Chinese ministers gave no details, but they have plenty of options to retaliate that could extend beyond additional tariffs on US imports.
There are fears that Beijing could attempt to disrupt operations of American car makers, retailers and others that see China as a key market.
The spiralling conflict stems from Washington’s complaint that Beijing steals or pressures companies to hand over technology and concerns that plans for state-led development of Chinese champions in robotics and other fields might erode American industrial leadership.
The abrupt escalation is “totally unacceptable”, the Chinese commerce ministry said.
It added Beijing would take unspecified “necessary counter-measures” to protect its “core interests”.
Asked what Beijing would do, foreign ministry spokeswoman Hua Chunying gave no details but said: “We will take firm and forceful measures.”
The USTR, the federal agency that oversees international trade policy and negotiations, said it is responding to Beijing’s decision to retaliate instead of changing its policies.
The USTR will accept public comments on the latest round of tariffs and hold hearings on August 20-23 before reaching a decision after August 31, according to a senior US official.
The first US tariff list focused on Chinese industrial products, an attempt to reduce the direct impact on American consumers.
The new list includes vacuum cleaners, furniture, car and bicycle parts, French doors and plywood. It left untouched US-branded smartphones and laptop computers.

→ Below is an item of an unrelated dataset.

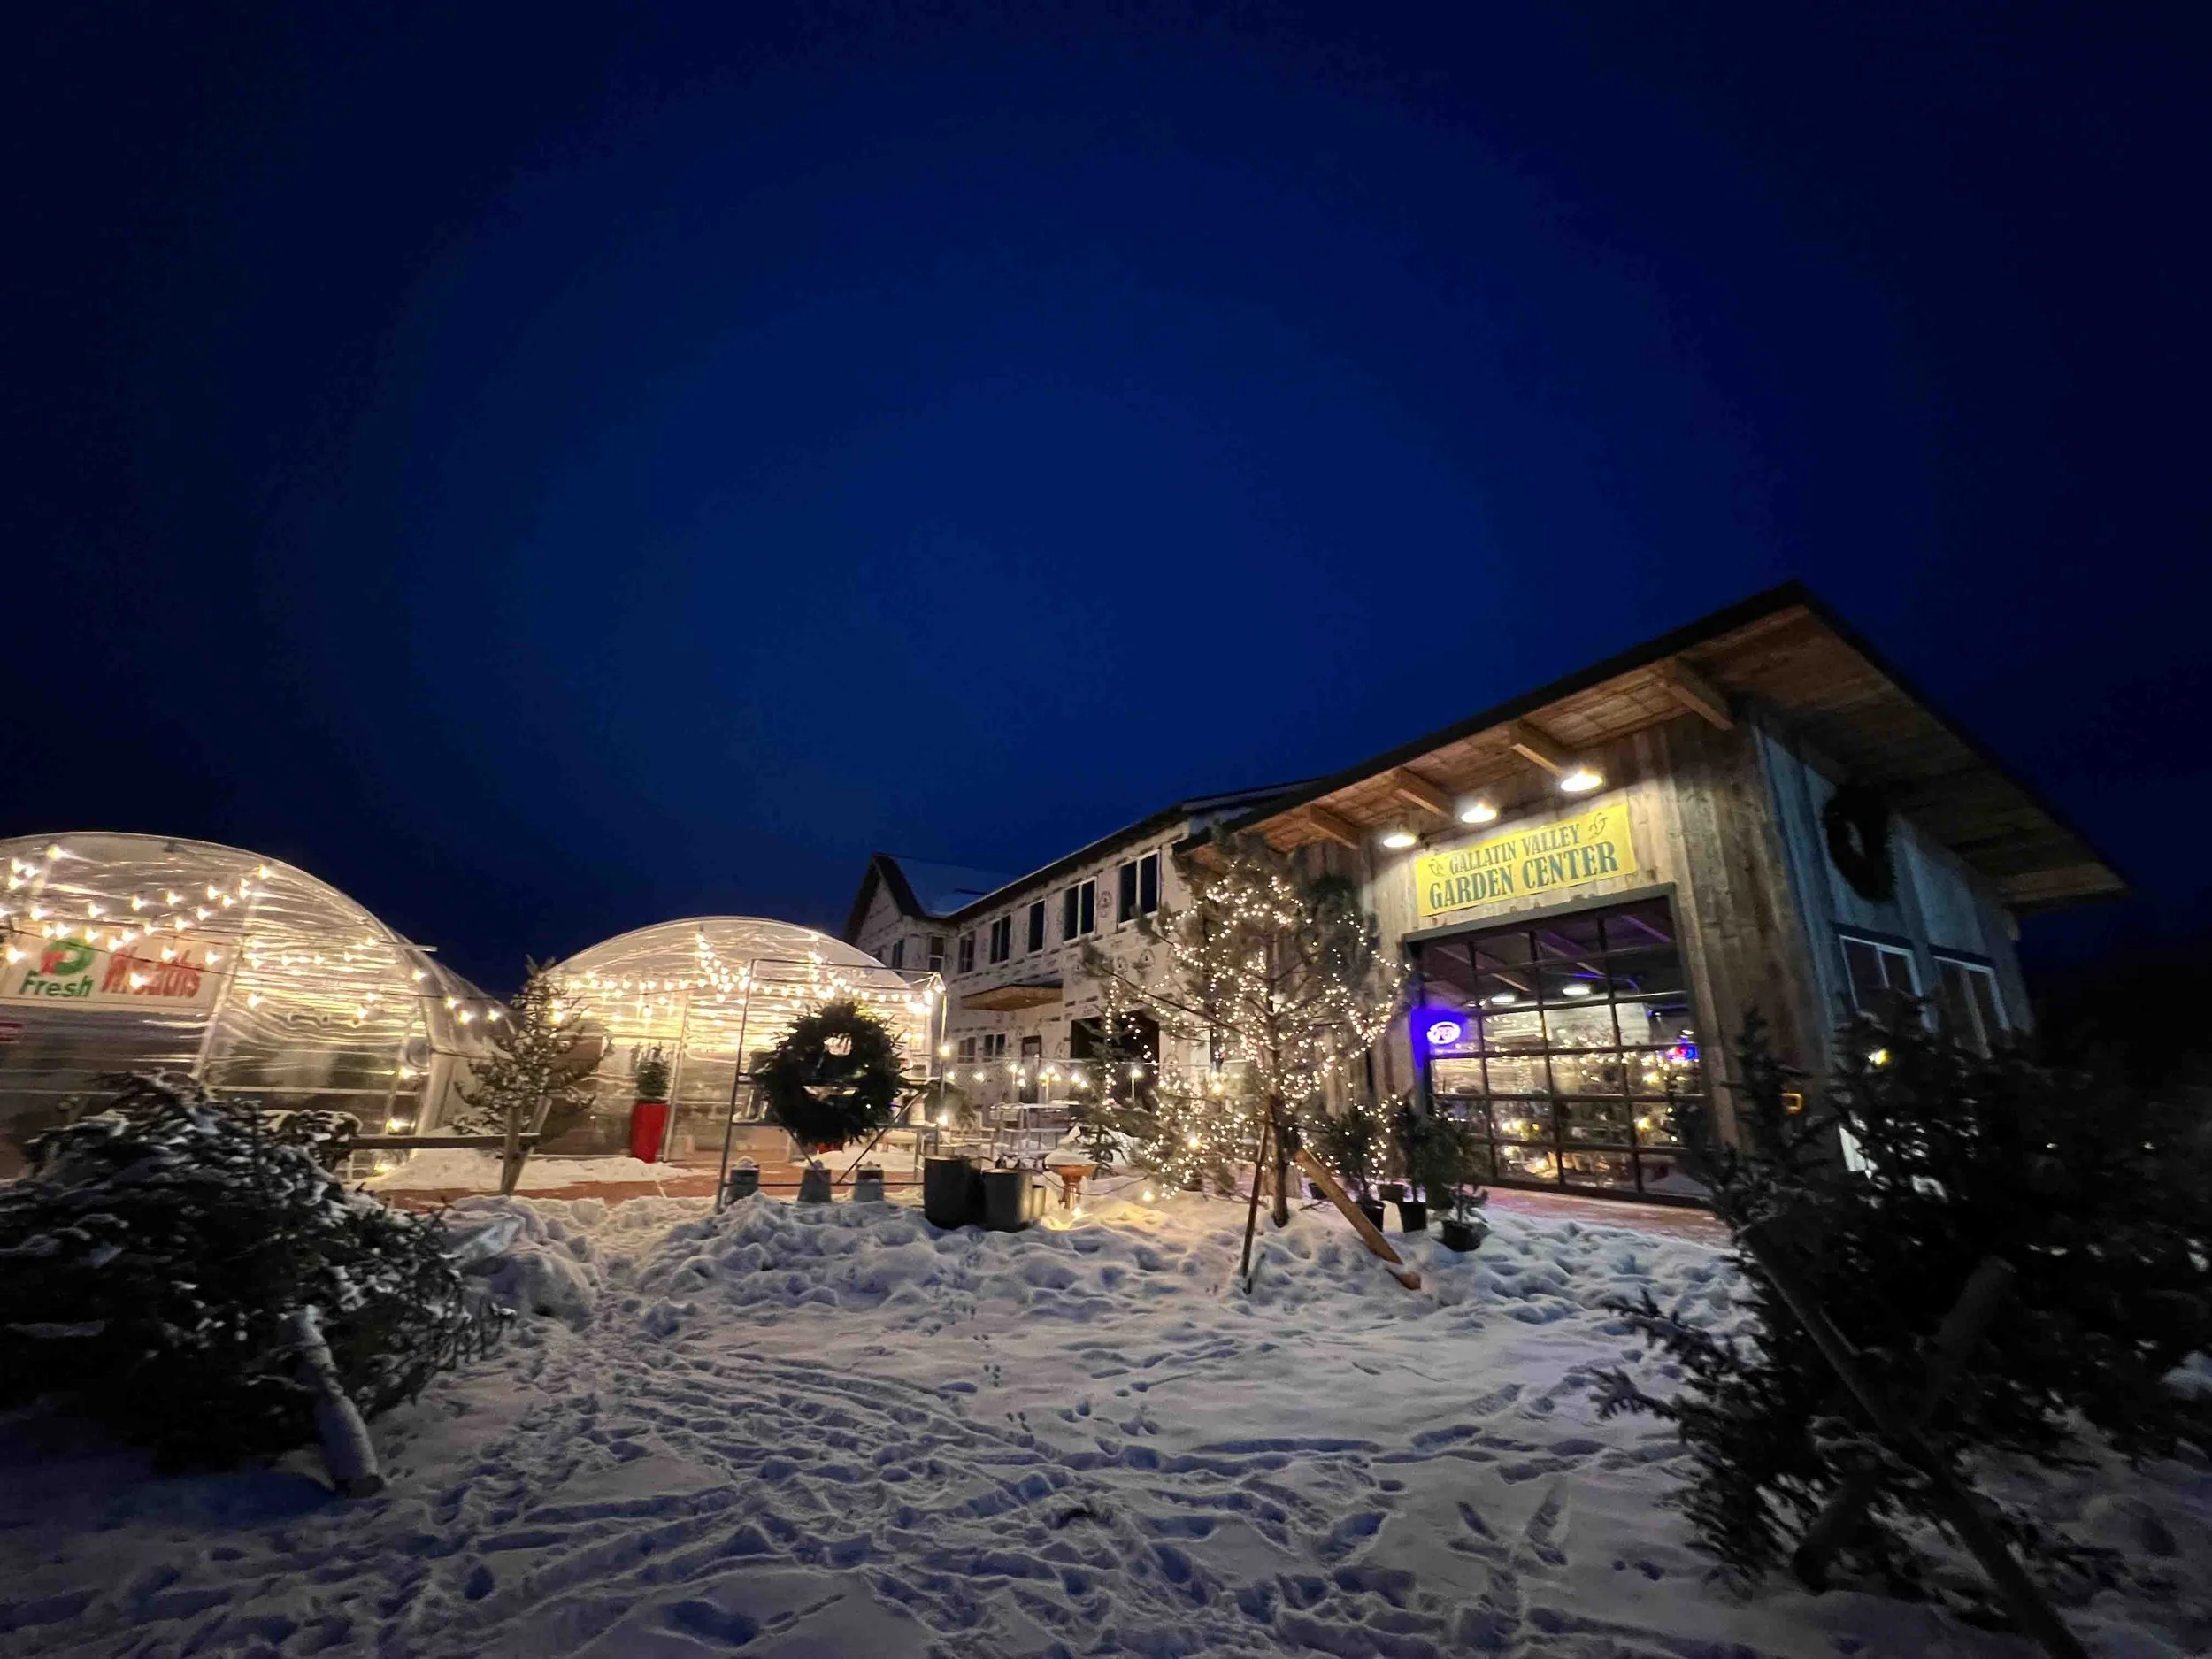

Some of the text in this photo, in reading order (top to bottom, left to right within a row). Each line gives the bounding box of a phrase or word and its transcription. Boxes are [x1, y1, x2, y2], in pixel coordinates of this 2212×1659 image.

[1429, 841, 1619, 910] GARDEN CENTER
[1448, 823, 1580, 876] GALLATIN VALLEY
[19, 969, 94, 998] Fresh

That “will hit the Chinese export sector hard”, said Rajiv Biswas of IHS Markit in a report.
China imports far less from the US than America does from China. However, Beijing has other ways to disrupt American companies’ operations. Regulators can deny or cancel licences or launch lengthy tax, environmental or anti-monopoly investigations.
The conflict is “far from over”, warned Hannah Anderson of JP Morgan Asset Management in a report, “and the impact will be global”.